Operation Murambatsvina

Operation Murambatsvina

The Harare City Council says it will continue to clean up the city following the demolition of illegal vendor structures at the Fourth Street bus terminus in the capital Sunday.

Mayor Bernard Manyenyeni, though refusing to comment officially Monday told Studio7 that the council will continue its clean-up exercise, adding the local authority is currently reviewing the exercise that has drawn the ire of vendors who charge the authorities have for years been accepting their stall payments of between $5 and $20 a day.

"We will soon announce the next step in this clean-up exercise. We are currently reviewing Sunday's exercise to map up our strategy for the future," said Manyenyeni.

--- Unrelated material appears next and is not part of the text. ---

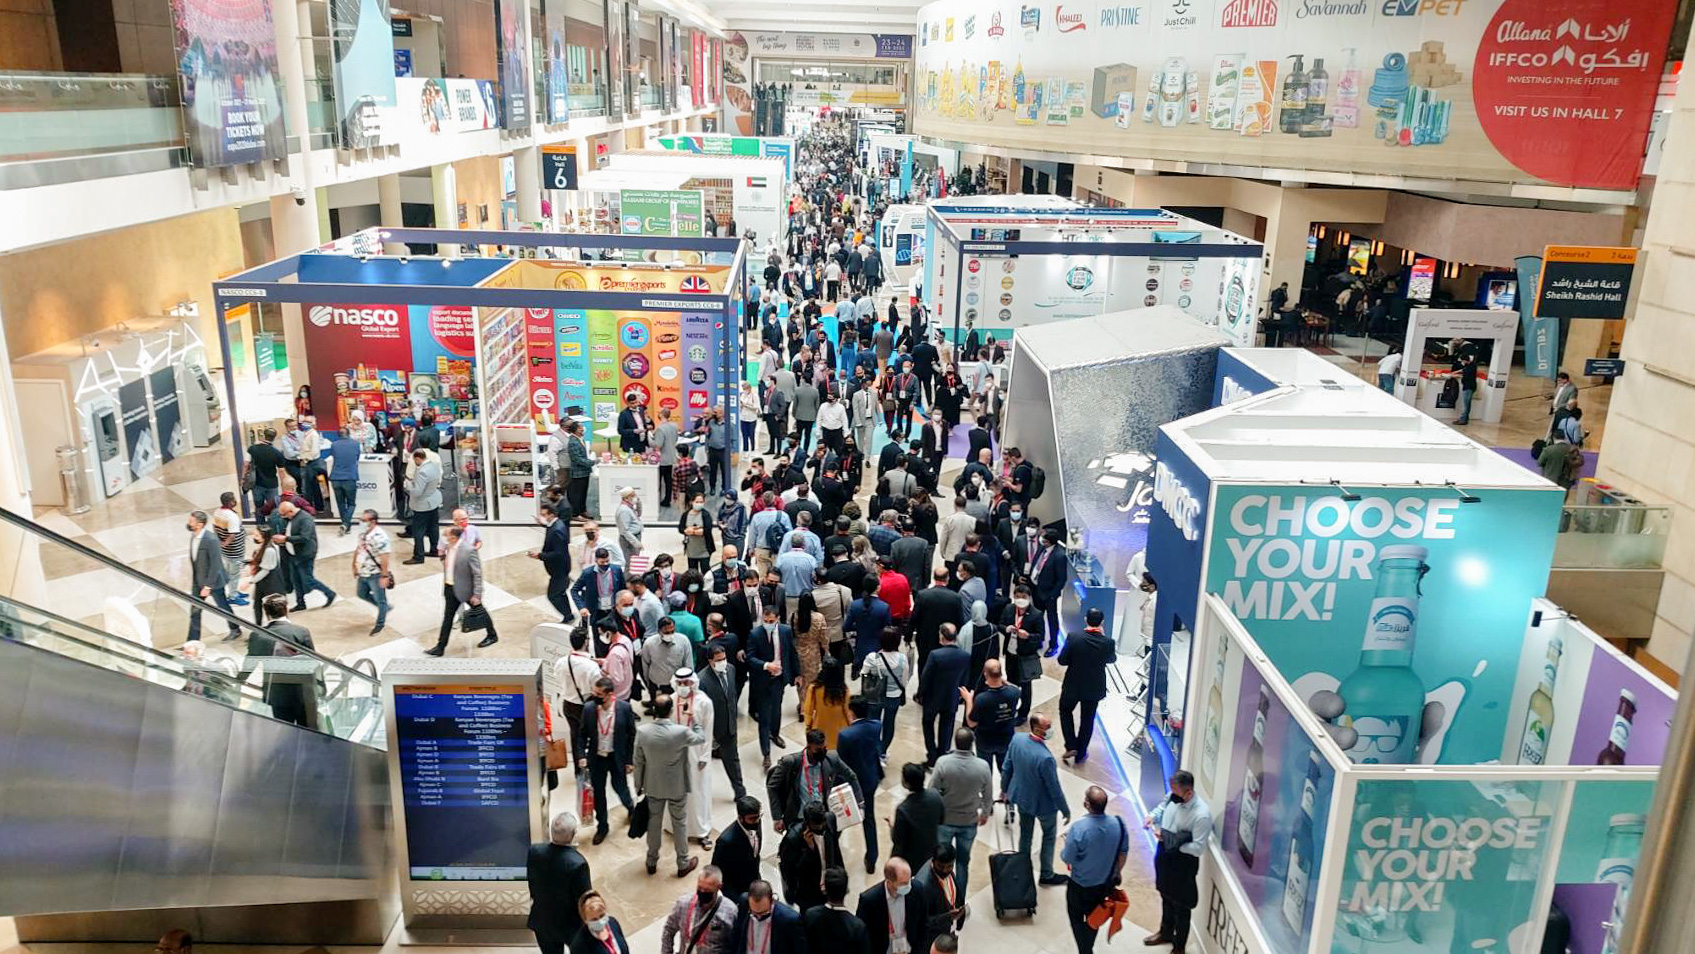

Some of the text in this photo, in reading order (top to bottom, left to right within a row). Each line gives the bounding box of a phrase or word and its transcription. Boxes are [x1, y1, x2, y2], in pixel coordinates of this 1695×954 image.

Most of the vendors who spoke with Studio 7 said the clean-up exercise reminded them of the 2005 Operation Murambatsvina or Clean-up Filth, which left thousands of people homeless as the government razed down what it said were illegal structures.

Edward Chanakira, a mobile phone accessories vendor, said he lost his stall which he has used for the past seven years.

The National Vendors Union Zimbabwe, director Samuel Wadzayi, added that his union will take legal action against the Harare City Council and back its members who have lost their source of income.

"Hundreds of our members from Fourth Street who were victims of the demolitions on Sunday, thronged our offices today seeking assistance and we reassured them that we will be engaging our lawyers to oppose the move," said Wadzayi.

He said his union was surprised by the City Council's move Sunday as they had a town hall meeting last Thursday in Harare where different issues were discussed but no mention was made about the demolitions.